REFLECTING THE over-whelming public mood in the US to end involvement in Iraq, the Democrat-controlled Congress delivered a rebuke to president George Bush.
Last week, both the House of Representatives and the Senate voted through a Bill which timetables a withdrawal of US troops and establishes new 'benchmarks' to assess the progress of the Iraq government.
To date over 3,200 US troops have been killed in the Iraq war and occupation, which has also cost Americans over $400 billion. Hundreds of thousands of Iraqis have been killed since March 2003 and the country has descended into violent sectarian civil war, with over two million people forced to flee their homes.
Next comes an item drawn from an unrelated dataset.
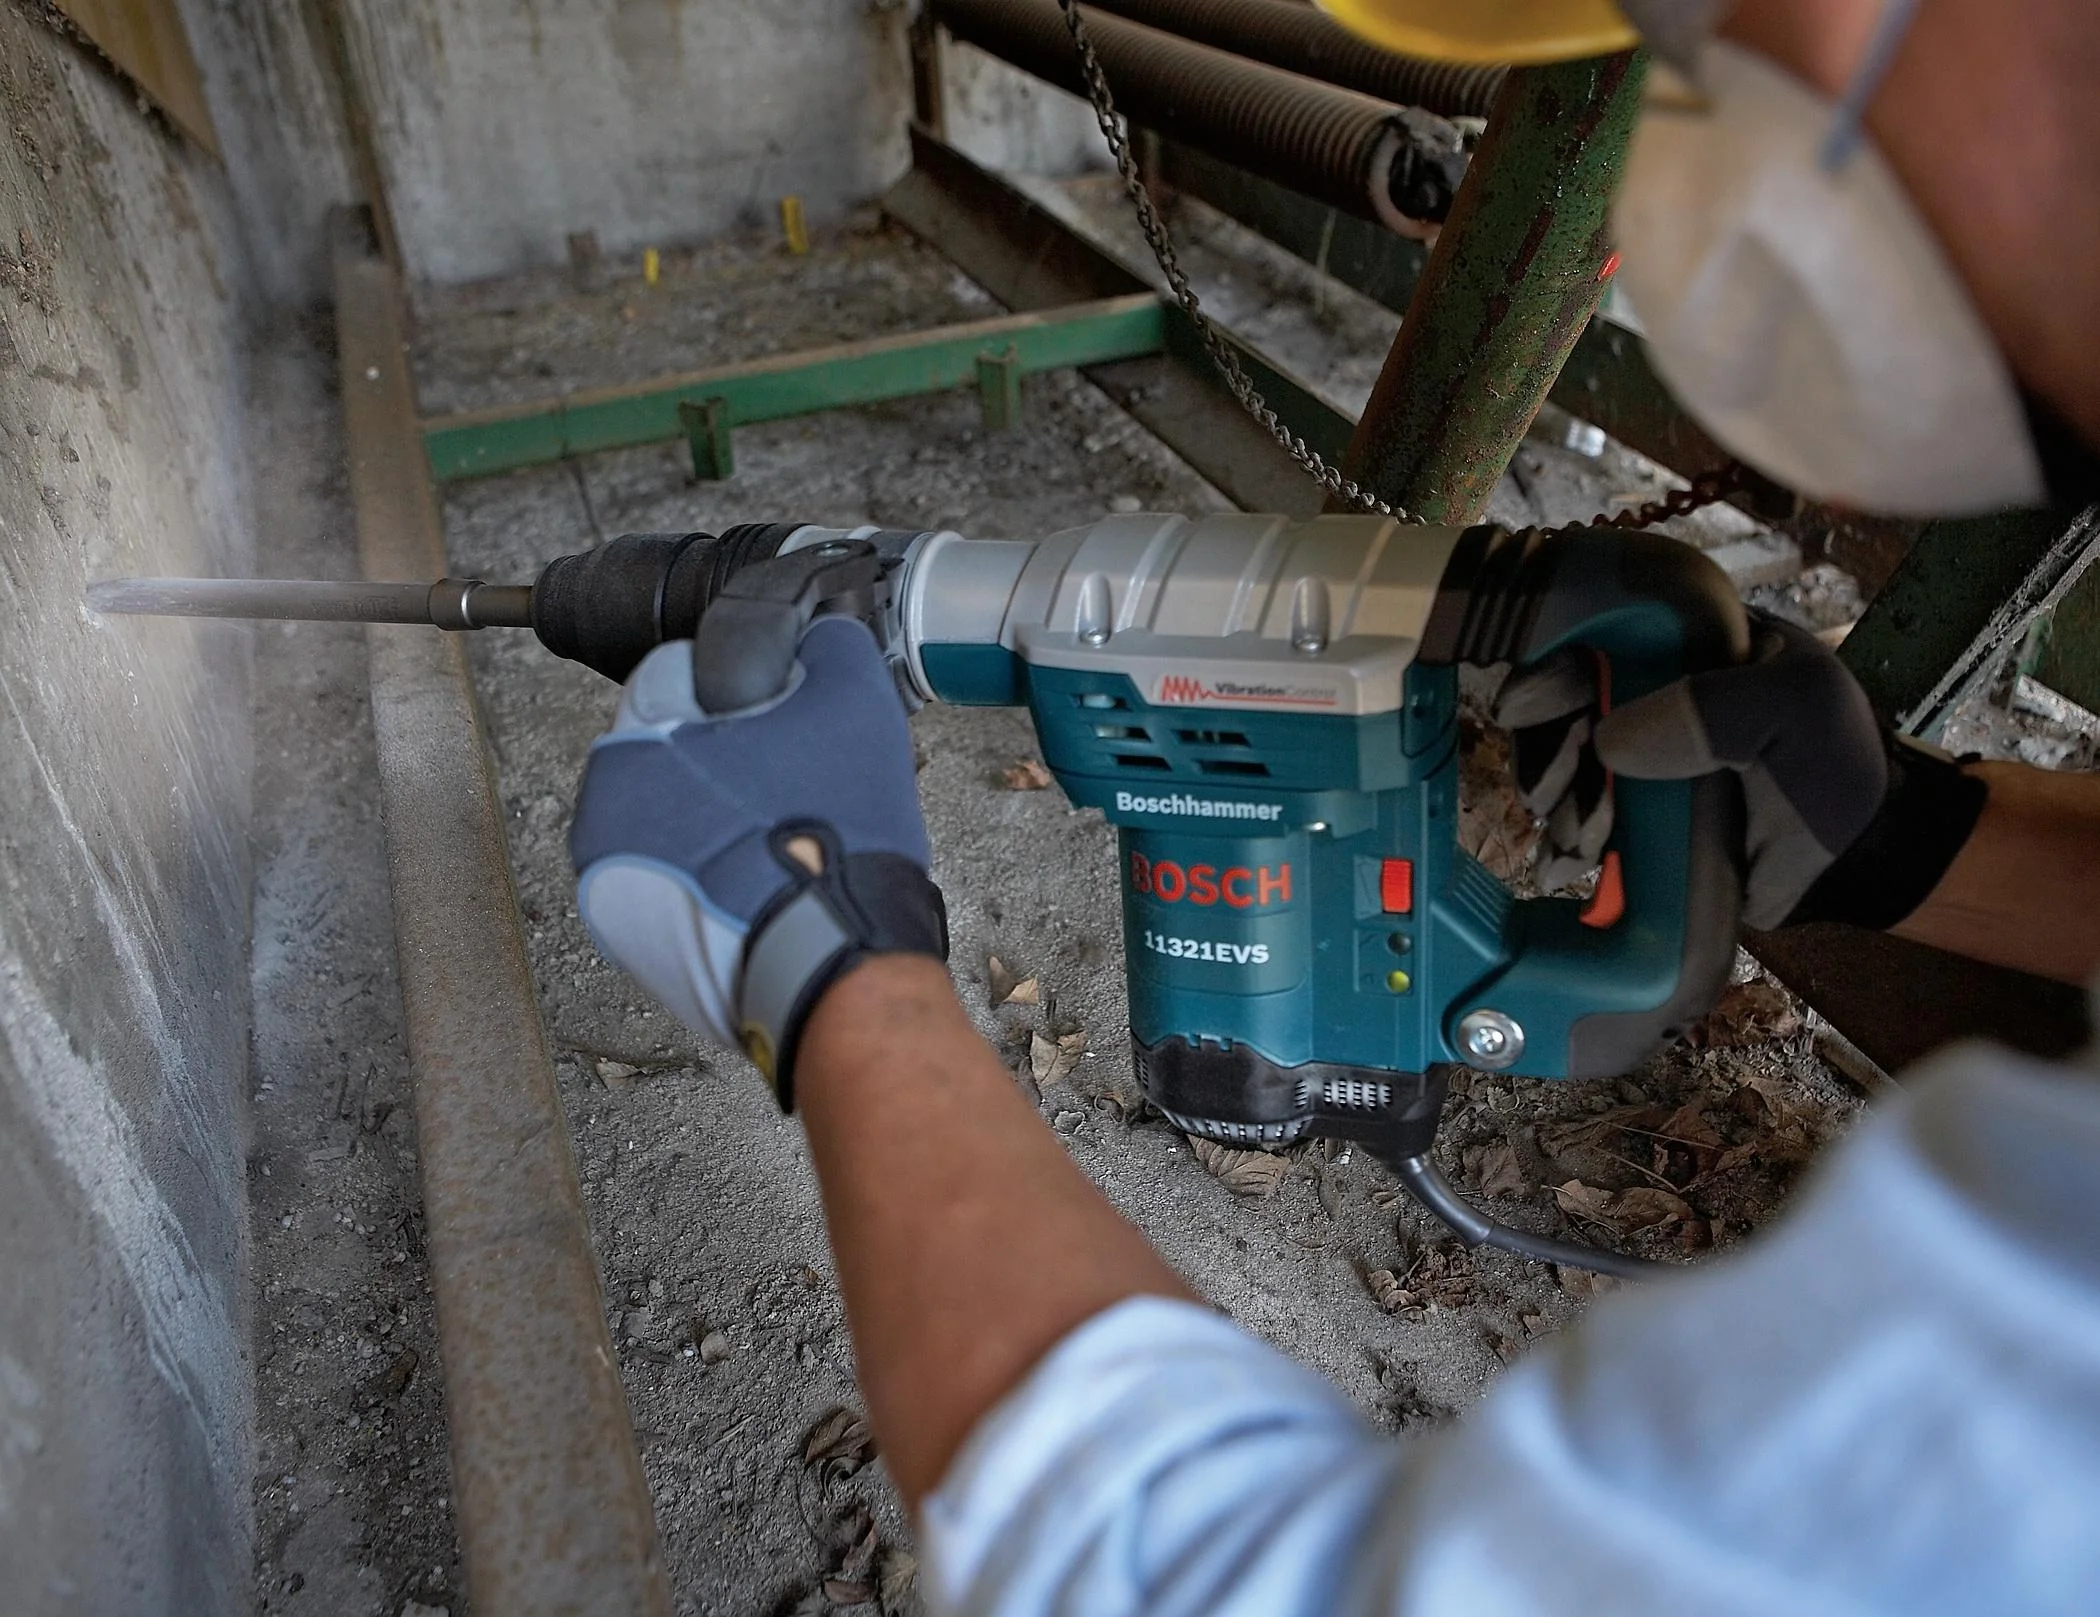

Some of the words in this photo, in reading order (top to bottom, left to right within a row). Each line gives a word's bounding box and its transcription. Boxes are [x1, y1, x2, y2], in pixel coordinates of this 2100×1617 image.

[1116, 792, 1282, 821] Boschhammer
[1131, 851, 1292, 908] BOSCH
[1145, 930, 1270, 964] 11321EVS
But Bush remains unmoved and has announced his intention to veto the Bill. He accuses the Democrats of "withholding money for our troops" and "handing al-Qa'ida a victory".
However, the $124 billion Bill actually provides more money for the Pentagon than Bush had sought!
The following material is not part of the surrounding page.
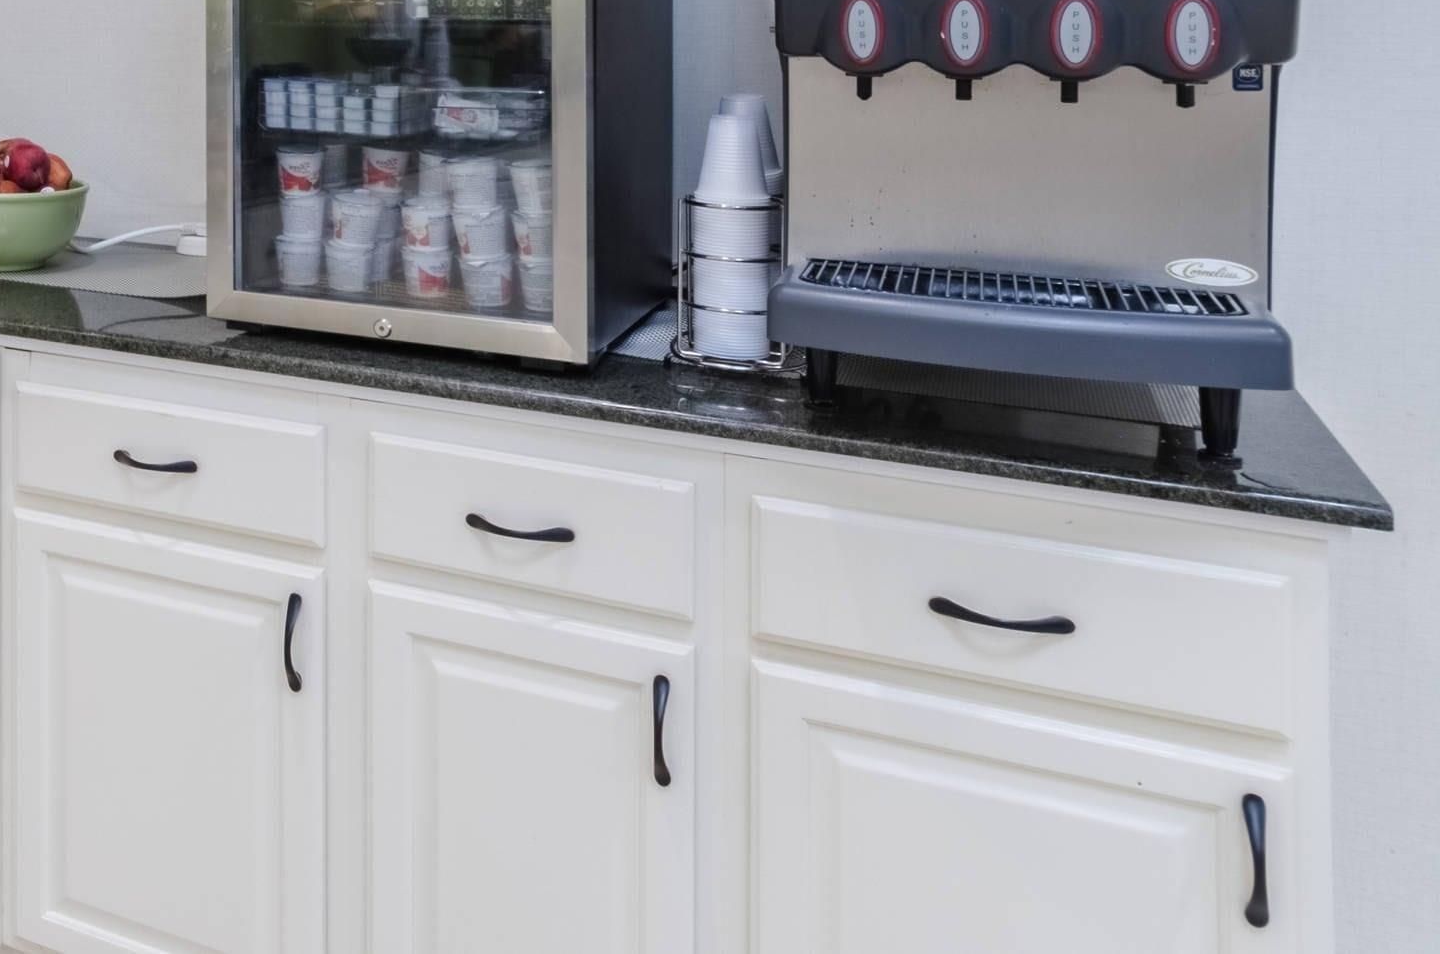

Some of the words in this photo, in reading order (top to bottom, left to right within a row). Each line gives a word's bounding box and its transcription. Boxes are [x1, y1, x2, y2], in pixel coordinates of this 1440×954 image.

Meanwhile, the US-organised reconstruction of Iraq continues to be a costly, monumental failure. Billions of dollars have simply disappeared - siphoned off by contractors and officials, while ordinary Iraqis continue to suffer unemployment, poverty and a crumbling infrastructure.
According to the World Health Organisation, 80% of Iraqis lack access to sanitation, 70% lack regular access to clean water and 60% lack access to the public food distribution system.
As a result of these failings, diarrhoea and respiratory infections now account for two-thirds of the deaths of under fives.
US inspectors have revealed that of eight reconstruction projects declared to be a success just six months ago, seven are no longer functioning properly. These projects include a maternity hospital and a newly built water purification system.